13. Il résulte de tout ce qui précède que les conclusions de la SAS DHL GLOBAL FORWARDING FRANCE à fin de décharge des cotisations primitives cotisation foncière des entreprises et de taxes annexes, auxquelles elle a été assujettie au titre des années 2020 et 2021, doivent être rejetées.
Sur les frais d’instance :
14. Il y a lieu, en application de l’article L. 761-1 du code de justice administrative, de mettre à la charge de l’Etat, dans les circonstances de l’espèce, une somme de 1 500 euros au titre des frais exposés par la SAS DHL GLOBAL FORWARDING FRANCE et non compris dans les dépens.
D E C I D E :
Article 1er : Il n’y a pas lieu de statuer sur les conclusions des requêtes de la SAS DHL GLOBAL FORWARDING FRANCE à concurrence des dégrèvements des cotisations de cotisation foncière des entreprises et de taxes annexes au titre des années 2020 et 2021 prononcés par le directeur départemental des finances publiques dans les conditions énoncées au point 3 du présent jugement.

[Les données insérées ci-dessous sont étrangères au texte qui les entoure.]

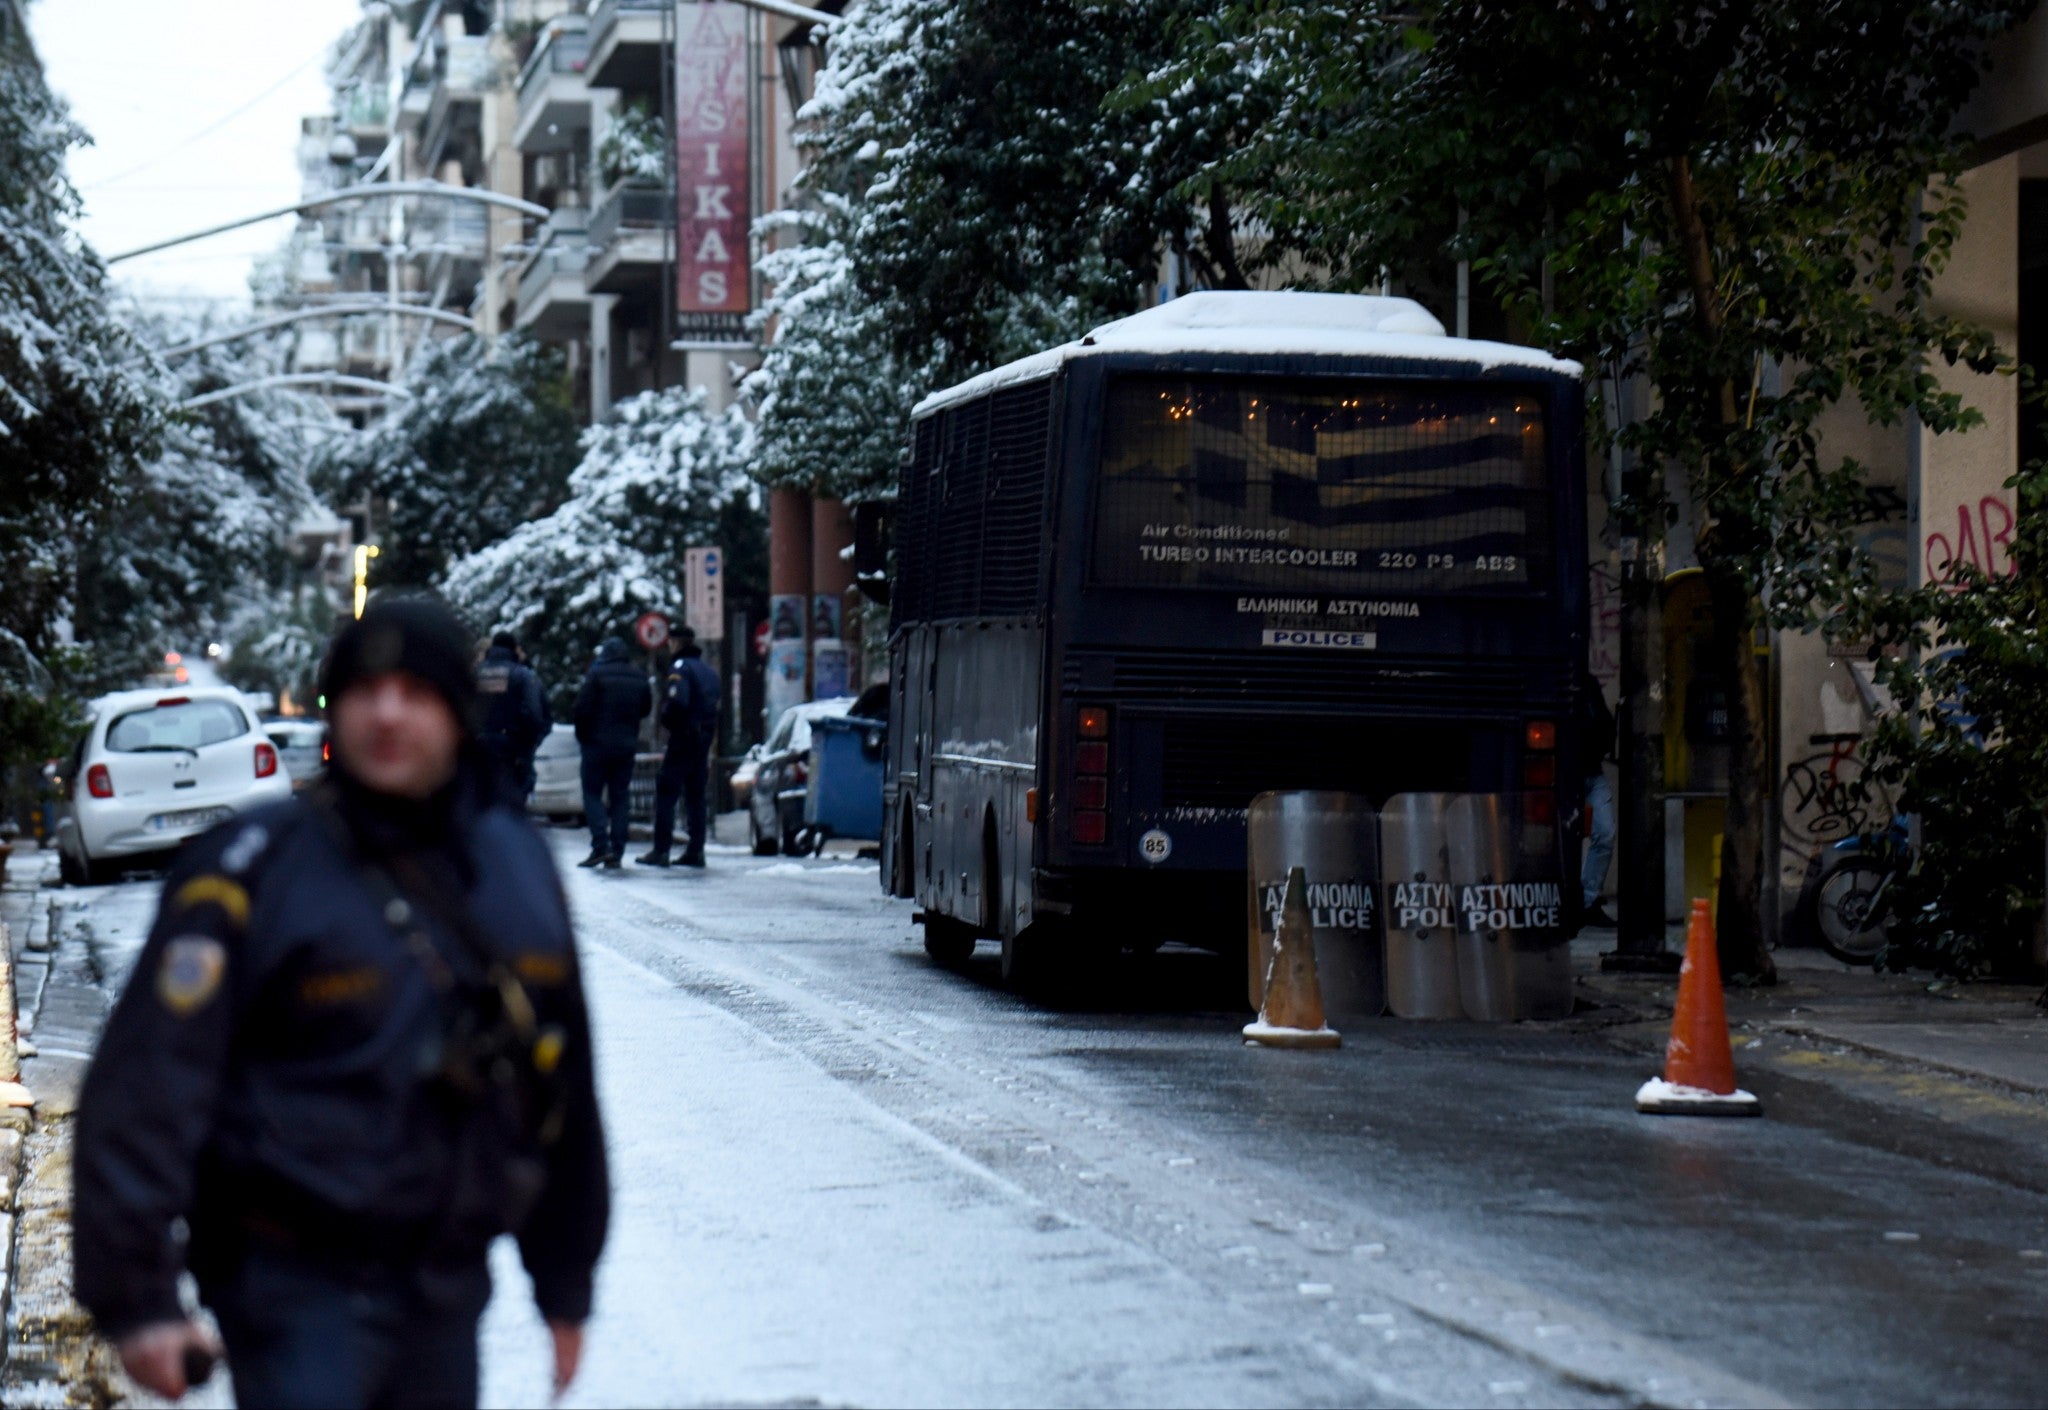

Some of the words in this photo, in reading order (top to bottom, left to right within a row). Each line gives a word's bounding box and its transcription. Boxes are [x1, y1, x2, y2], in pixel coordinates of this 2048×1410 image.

Article 2 : L’Etat versera à la société DHL GLOBAL FORWARDING FRANCE la somme globale de 1 500 euros en application de l’article L. 761-1 du code de justice administrative.
Article 3 : Le surplus des conclusions des requêtes est rejeté.
Article 4 : Le présent jugement sera notifié à la SAS DHL GLOBAL FORWARDING FRANCE et au directeur départemental des finances publiques de la Seine-Saint-Denis.
Délibéré après l’audience du 12 mai 2025, à laquelle siégeaient :
M. Charret, président,
Mme Tahiri, première conseillère,
Mme Dupuy-Bardot, première conseillère.
Rendu public par mise à disposition au greffe le 26 mai 2025.
La rapporteure,
N. Dupuy-Bardot
Le président,
J. Charret
La greffière,
L. Valcy
La République mande et ordonne au ministre de l’économie, des finances et de la souveraineté industrielle et numérique, en ce qui le concerne ou à tous commissaires de justice à ce requis en ce qui concerne les voies de droit commun contre les parties privées, de pourvoir à l’exécution de la présente décision.